Planet Fitness CEO Chris Rondeau at the New York Stock Exchange, May 17, 2022.

Source: NYSE

While the company recently posted strong sales and profit growth, investors have grown wary over its plans for equipment and new franchises, which are both key revenue drivers for the business.

In August, Rondeau announced that Planet Fitness was reducing its 2023 outlook for placements of equipment in new franchisee stores to about 140, down from a previous range of 160. Planet makes about a quarter of its revenue from selling its branded fitness equipment to franchisees.
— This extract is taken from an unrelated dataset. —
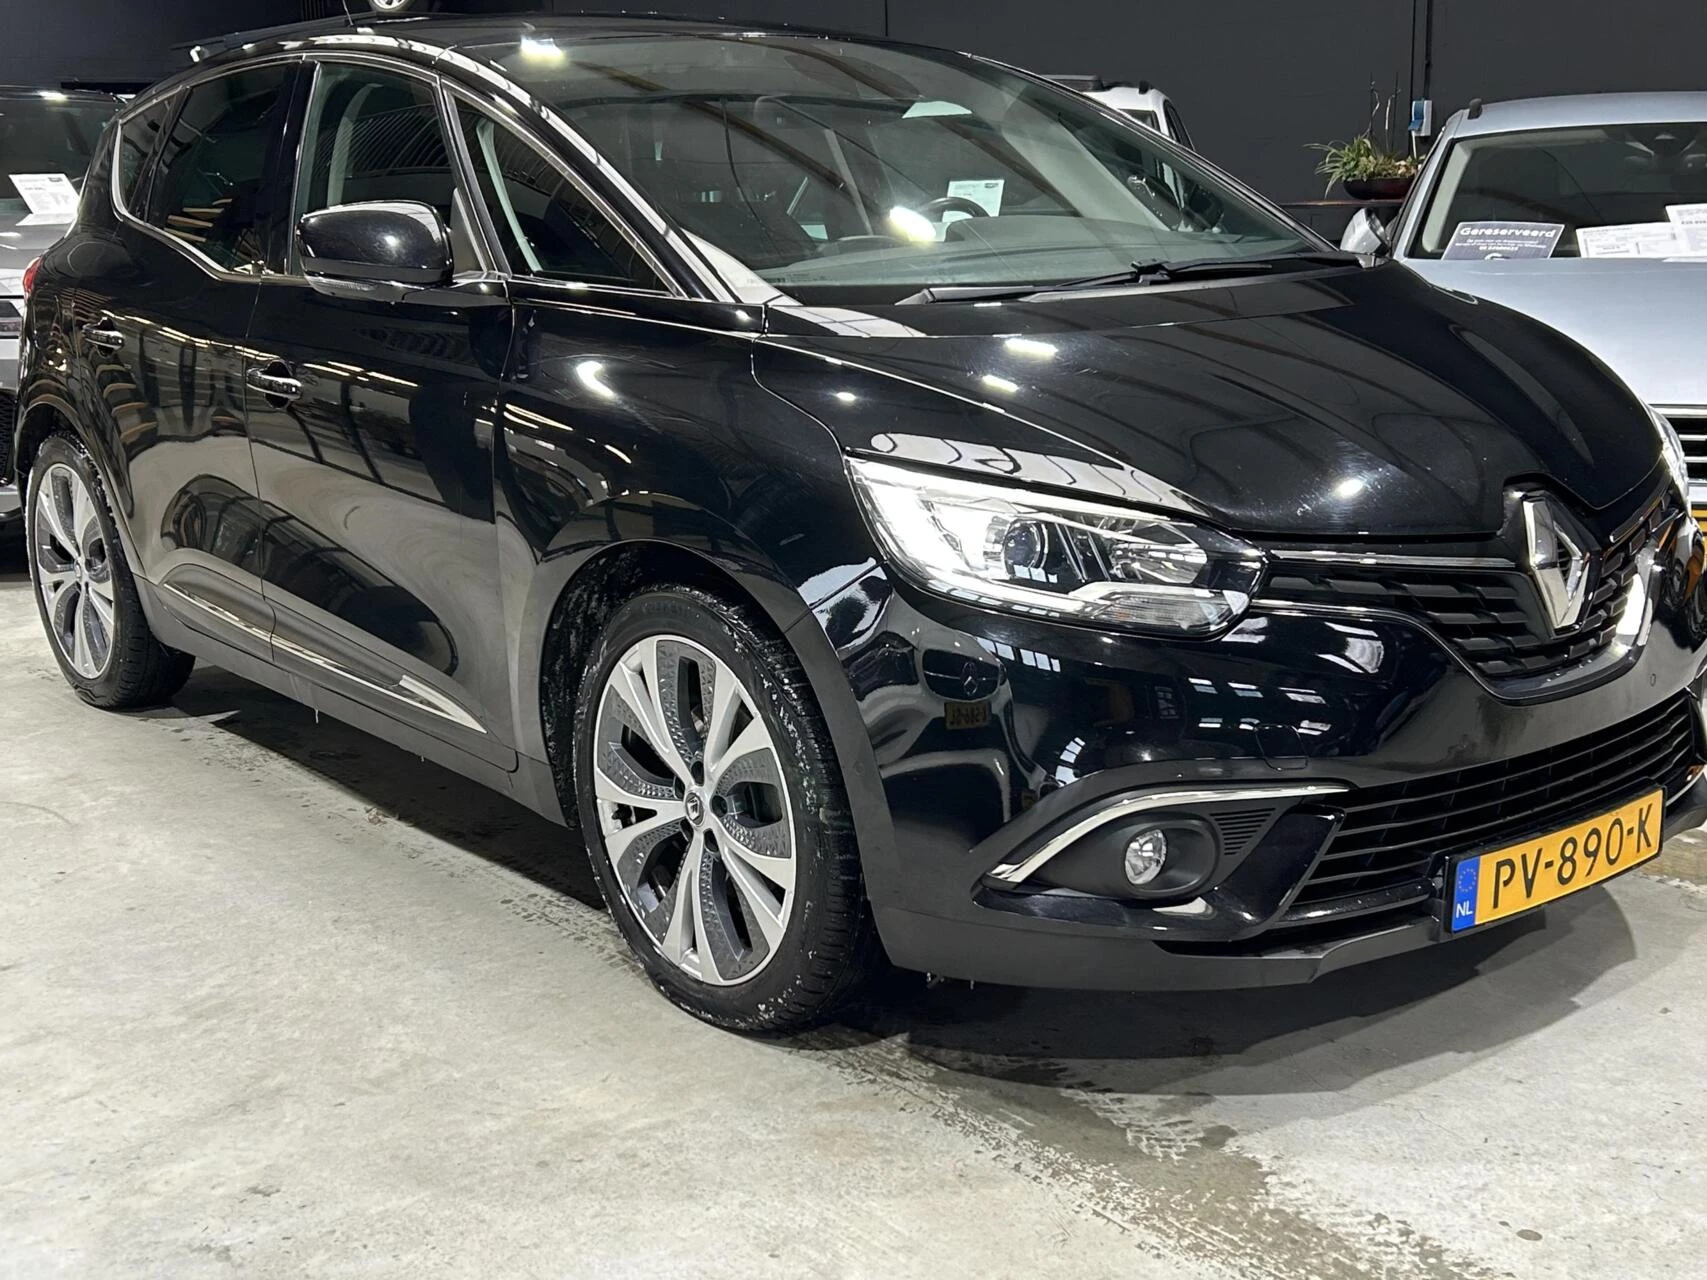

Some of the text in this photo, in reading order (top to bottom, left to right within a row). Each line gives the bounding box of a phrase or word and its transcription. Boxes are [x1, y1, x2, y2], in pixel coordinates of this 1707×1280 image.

At the time, Rondeau chalked up the trimmed forecast to “higher new store construction costs and increased interest rates. Thomas Fitzgerald, the finance chief at Planet Fitness, said that opening 600 new stores in 2025 might not be feasible. Fitzgerald stated that while the returns on new stores are still good, they have not returned to the levels of pre-Covid due to the stubbornly high construction costs, which are up by 25%. The rapid rise in interest rates has also had an impact on the ability of our franchisees to invest in the growth of new stores. “

Further, vacancy rates for 15,000- to 25,000-square-foot locations that are suitable for Planet Fitness’ gyms are down about 16% compared with pre-Covid levels, making it harder for the company to secure new leases, Fitzgerald said.

During its most recent quarter ended June 30, Planet opened 26 new stores compared with 34 in the year ago period.

has presented multiple reasons why franchise unit openings have slowed, without giving investors confidence about what the growth rate is likely to be, which we think is the key factor that has impacted stock performance,” DA Davidson wrote in a research note Friday.

The company’s stock is down about 36% this year, giving it a market value of about $4.4 billion.